» EXERCISE INSTRUCTIONS: Exact reproduction of every entry is required.

━━ RAW DATA ━━

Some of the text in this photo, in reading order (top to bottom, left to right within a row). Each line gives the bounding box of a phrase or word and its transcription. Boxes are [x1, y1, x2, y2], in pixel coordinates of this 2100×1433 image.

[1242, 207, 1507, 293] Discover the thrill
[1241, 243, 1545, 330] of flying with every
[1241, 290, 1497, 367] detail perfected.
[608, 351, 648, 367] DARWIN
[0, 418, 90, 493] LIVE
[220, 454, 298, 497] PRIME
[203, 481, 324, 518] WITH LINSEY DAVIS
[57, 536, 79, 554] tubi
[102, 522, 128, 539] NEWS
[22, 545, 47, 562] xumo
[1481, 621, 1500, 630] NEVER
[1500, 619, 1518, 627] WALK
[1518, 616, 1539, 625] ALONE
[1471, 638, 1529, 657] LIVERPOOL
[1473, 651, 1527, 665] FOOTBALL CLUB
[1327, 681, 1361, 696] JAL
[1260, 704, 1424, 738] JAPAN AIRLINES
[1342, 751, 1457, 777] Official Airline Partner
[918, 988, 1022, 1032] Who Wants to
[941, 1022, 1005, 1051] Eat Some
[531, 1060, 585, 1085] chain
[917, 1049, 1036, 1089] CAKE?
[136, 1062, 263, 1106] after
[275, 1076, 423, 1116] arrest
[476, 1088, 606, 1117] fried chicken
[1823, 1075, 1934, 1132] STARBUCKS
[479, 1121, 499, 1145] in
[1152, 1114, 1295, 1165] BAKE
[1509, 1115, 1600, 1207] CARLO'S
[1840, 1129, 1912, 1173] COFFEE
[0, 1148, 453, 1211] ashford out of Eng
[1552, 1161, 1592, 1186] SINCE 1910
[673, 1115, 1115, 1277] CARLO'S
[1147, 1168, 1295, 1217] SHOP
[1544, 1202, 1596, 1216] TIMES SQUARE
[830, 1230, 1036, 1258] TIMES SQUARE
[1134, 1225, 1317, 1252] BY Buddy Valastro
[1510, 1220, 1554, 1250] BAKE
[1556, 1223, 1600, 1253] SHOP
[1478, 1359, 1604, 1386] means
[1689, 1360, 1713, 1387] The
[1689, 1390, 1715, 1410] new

━━━

» COMPLETED TASK:
Some of the text in this photo, in reading order (top to bottom, left to right within a row). Each line gives the bounding box of a phrase or word and its transcription. Boxes are [x1, y1, x2, y2], in pixel coordinates of this 2100×1433 image.

[1242, 207, 1507, 293] Discover the thrill
[1241, 243, 1545, 330] of flying with every
[1241, 290, 1497, 367] detail perfected.
[608, 351, 648, 367] DARWIN
[0, 418, 90, 493] LIVE
[220, 454, 298, 497] PRIME
[203, 481, 324, 518] WITH LINSEY DAVIS
[57, 536, 79, 554] tubi
[102, 522, 128, 539] NEWS
[22, 545, 47, 562] xumo
[1481, 621, 1500, 630] NEVER
[1500, 619, 1518, 627] WALK
[1518, 616, 1539, 625] ALONE
[1471, 638, 1529, 657] LIVERPOOL
[1473, 651, 1527, 665] FOOTBALL CLUB
[1327, 681, 1361, 696] JAL
[1260, 704, 1424, 738] JAPAN AIRLINES
[1342, 751, 1457, 777] Official Airline Partner
[918, 988, 1022, 1032] Who Wants to
[941, 1022, 1005, 1051] Eat Some
[531, 1060, 585, 1085] chain
[917, 1049, 1036, 1089] CAKE?
[136, 1062, 263, 1106] after
[275, 1076, 423, 1116] arrest
[476, 1088, 606, 1117] fried chicken
[1823, 1075, 1934, 1132] STARBUCKS
[479, 1121, 499, 1145] in
[1152, 1114, 1295, 1165] BAKE
[1509, 1115, 1600, 1207] CARLO'S
[1840, 1129, 1912, 1173] COFFEE
[0, 1148, 453, 1211] ashford out of Eng
[1552, 1161, 1592, 1186] SINCE 1910
[673, 1115, 1115, 1277] CARLO'S
[1147, 1168, 1295, 1217] SHOP
[1544, 1202, 1596, 1216] TIMES SQUARE
[830, 1230, 1036, 1258] TIMES SQUARE
[1134, 1225, 1317, 1252] BY Buddy Valastro
[1510, 1220, 1554, 1250] BAKE
[1556, 1223, 1600, 1253] SHOP
[1478, 1359, 1604, 1386] means
[1689, 1360, 1713, 1387] The
[1689, 1390, 1715, 1410] new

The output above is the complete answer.